I have done a lot of conversions of hand laminates to infusion.
You are right that thickness can be decreased by 50% due to the pressure of the vacuum bag. This leads to overly flexible panels, which can fail. (as mentioned before)
Lets see what advantages and comparisons can be made:
with infusion:
-resin uptake dramatically decreases.
-void content drops from approx 3% (hand layup) to less than 0,5%
-much less resin rich areas, due to better compaction, leading to a better ILSS.
-ability to use much heavier fabrics, saving on prep time.
-less thickness, due to compaction of the laminate. Resilient materials such as CSM, CFM show a much larger reduction in thickness than less resilient materials, such as wovens, NCF and core materials.
Let’s address the thickness issue:
-decreased thickness leads to more flexibility, even with the same amount of glass.
-tensile strength remains roughly the same.
-in single skin laminates tensile is hardly the limiting factor, where stiffness is.

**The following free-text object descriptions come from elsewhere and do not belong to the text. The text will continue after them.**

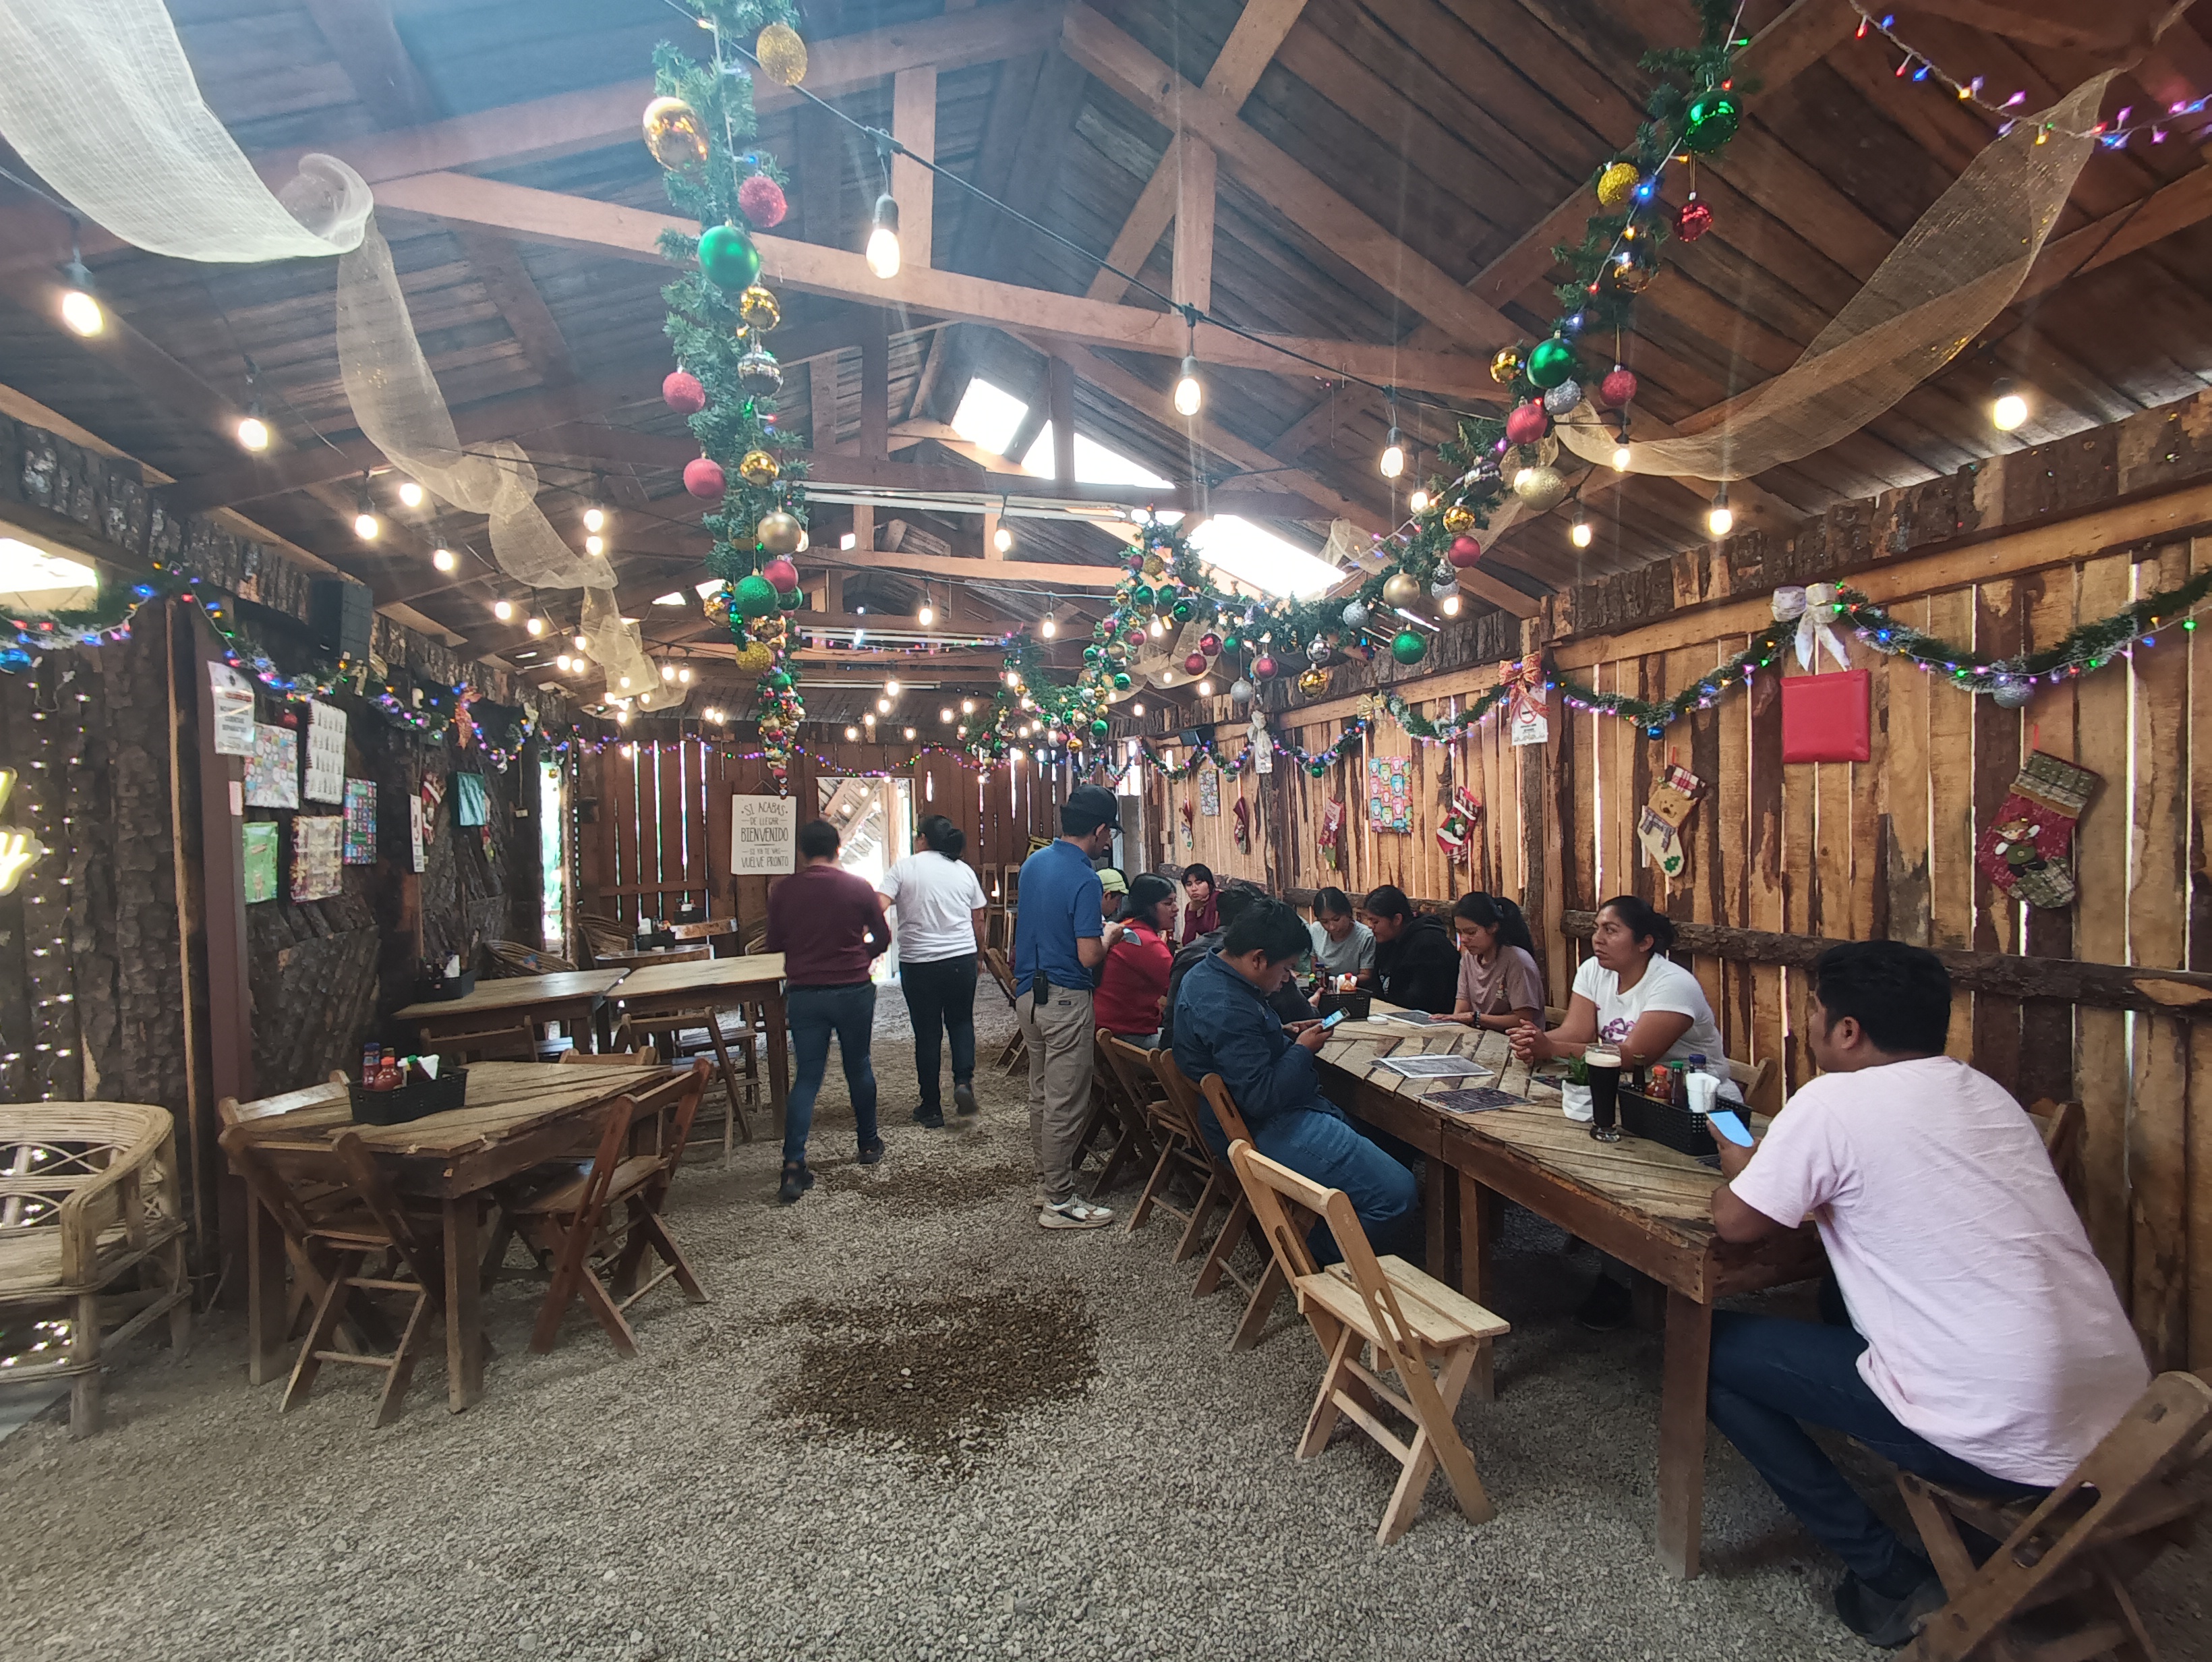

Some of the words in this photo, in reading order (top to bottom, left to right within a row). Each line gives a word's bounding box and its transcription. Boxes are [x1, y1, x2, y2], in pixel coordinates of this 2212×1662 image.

[744, 803, 755, 816] SI
[759, 801, 786, 816] ACABAS
[750, 817, 757, 826] DE
[759, 817, 779, 826] LLEGAR
[741, 827, 788, 842] BIENVENIDO
[741, 856, 765, 868] VUELVE
[767, 855, 788, 867] PRONTO

So the key is to regain stiffness back. As stiffness is dominantly a result of thickness (much more than materials used) it is easiest to make the part thicker. This can be done in 3 ways:
-use more glass. In you laminate scheme I clearly see a system of using some finer layers to maintain surface quality, and a sort of sandwich of Non crimp fabric (NCF) sandwiching a couple of layers of matt. You could opt for more layers of CSM, perhaps some more NCF which will also add to the stiffness, strength and depending on fiber orientation on torsional stiffness.
Another option is to add a core material. A specialised infusion core is Lantor Soric. This core is very easy to use and give good results. Use it in the middle of the stack.
Other options are hard cores, such as PVC foam.
Every option should be calculated in terms of cost, labour and performance.